(Saved entries)
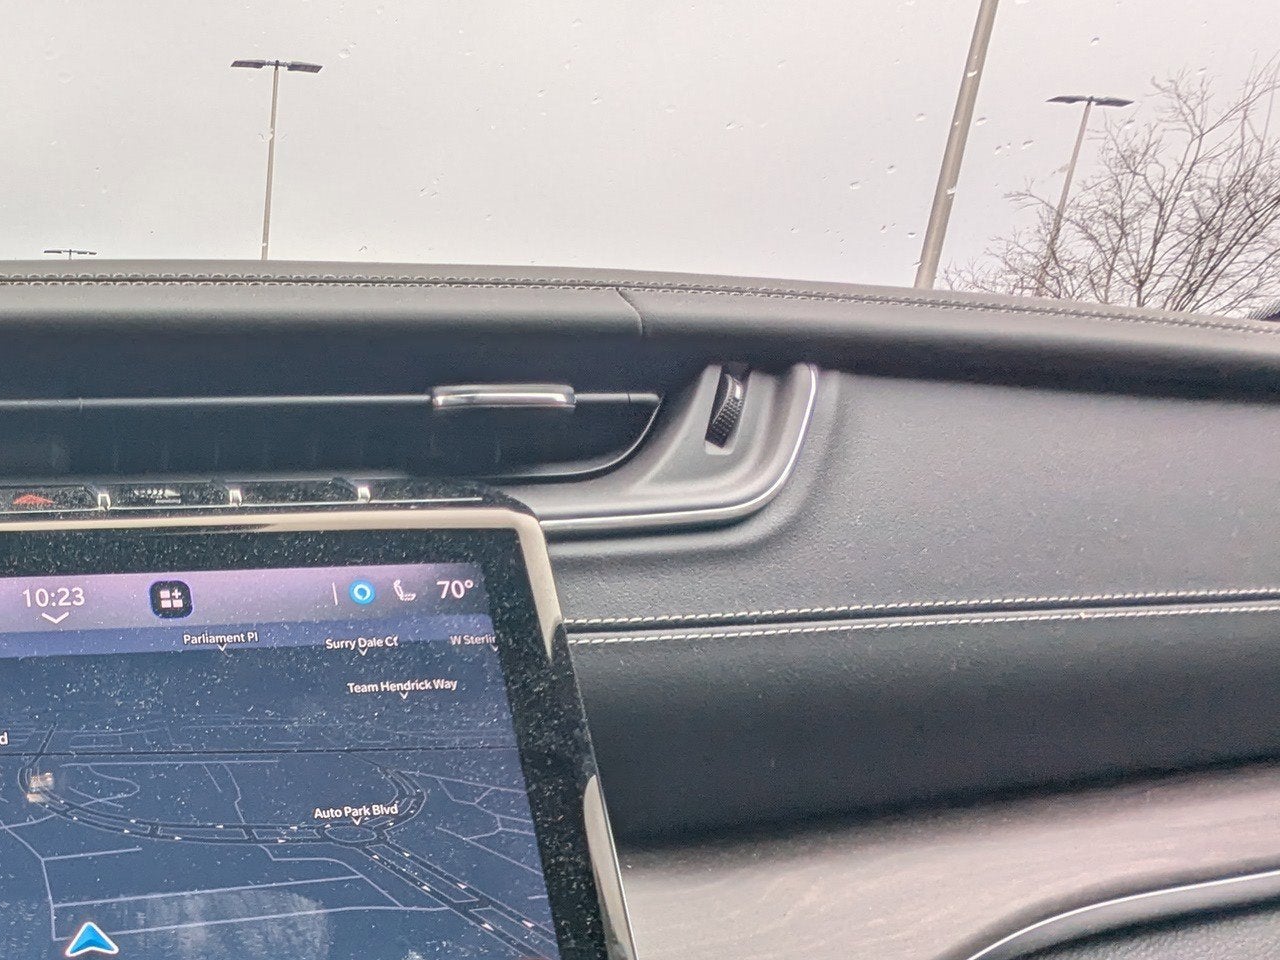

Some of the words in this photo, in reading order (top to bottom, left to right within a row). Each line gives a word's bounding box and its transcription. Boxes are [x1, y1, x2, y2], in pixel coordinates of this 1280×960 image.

[437, 578, 474, 600] 70°
[22, 586, 86, 609] 10:23
[183, 632, 246, 646] Parliament
[325, 638, 356, 651] Surry
[358, 637, 384, 648] Dale
[449, 635, 462, 646] W
[347, 682, 379, 694] Team
[380, 679, 432, 692] Hendrick
[433, 678, 458, 692] Way
[313, 806, 341, 819] Auto
[342, 804, 369, 818] Park
[371, 802, 399, 817] Blvd

__PROBLEM__: Without the pictures, reproduce every line of the records above exactly.

__OUTPUT BELOW__:
Some of the words in this photo, in reading order (top to bottom, left to right within a row). Each line gives a word's bounding box and its transcription. Boxes are [x1, y1, x2, y2], in pixel coordinates of this 1280×960 image.

[437, 578, 474, 600] 70°
[22, 586, 86, 609] 10:23
[183, 632, 246, 646] Parliament
[325, 638, 356, 651] Surry
[358, 637, 384, 648] Dale
[449, 635, 462, 646] W
[347, 682, 379, 694] Team
[380, 679, 432, 692] Hendrick
[433, 678, 458, 692] Way
[313, 806, 341, 819] Auto
[342, 804, 369, 818] Park
[371, 802, 399, 817] Blvd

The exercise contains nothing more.